+++ Source records +++

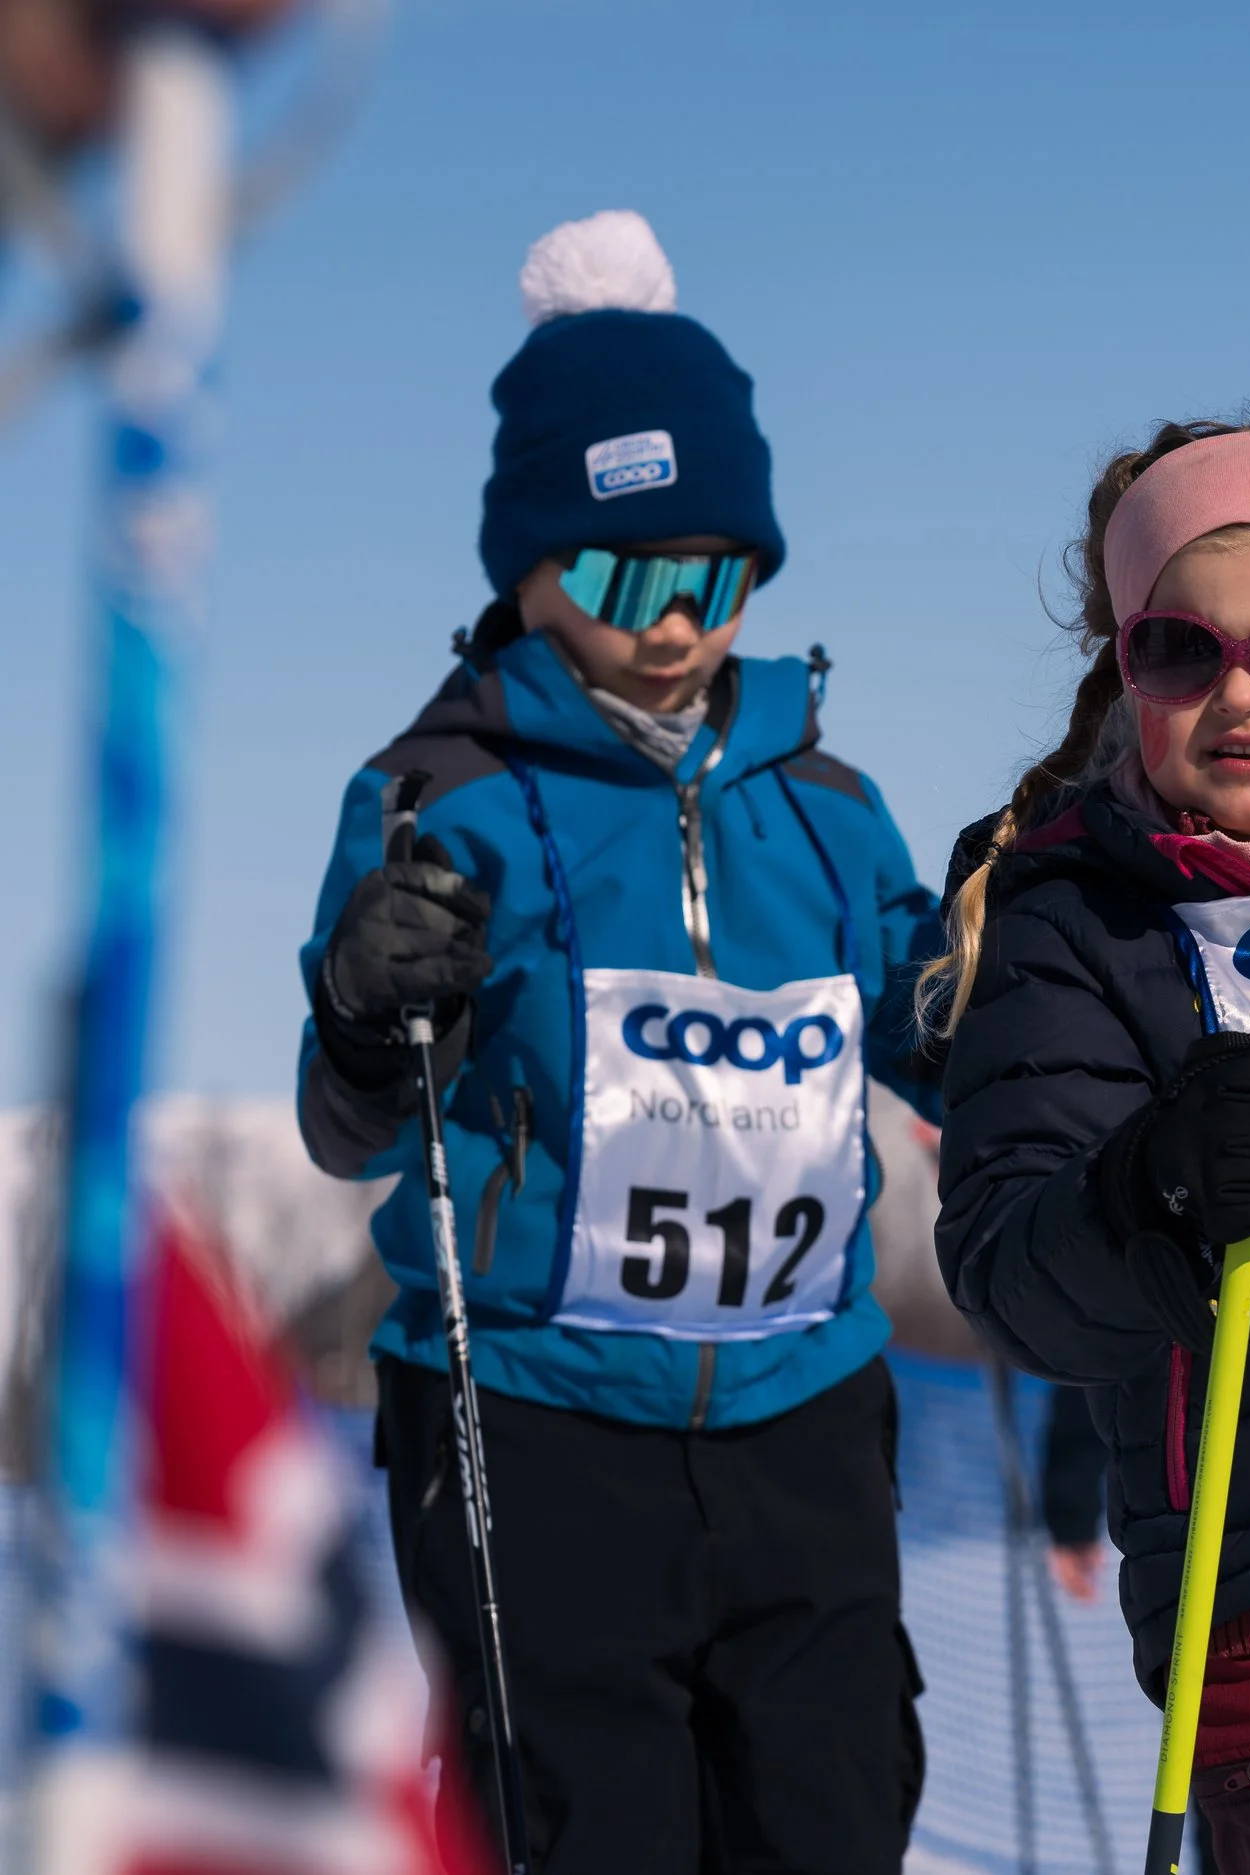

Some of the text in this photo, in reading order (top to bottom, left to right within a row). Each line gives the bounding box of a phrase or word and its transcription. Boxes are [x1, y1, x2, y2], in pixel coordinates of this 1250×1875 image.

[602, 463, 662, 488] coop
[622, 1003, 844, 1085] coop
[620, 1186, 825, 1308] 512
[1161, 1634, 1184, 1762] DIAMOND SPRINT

+++

:: Your assignment ::
Give back all of the material exactly, though without the images it contains.

:: Response for this exercise ::
Some of the text in this photo, in reading order (top to bottom, left to right within a row). Each line gives the bounding box of a phrase or word and its transcription. Boxes are [x1, y1, x2, y2], in pixel coordinates of this 1250×1875 image.

[602, 463, 662, 488] coop
[622, 1003, 844, 1085] coop
[620, 1186, 825, 1308] 512
[1161, 1634, 1184, 1762] DIAMOND SPRINT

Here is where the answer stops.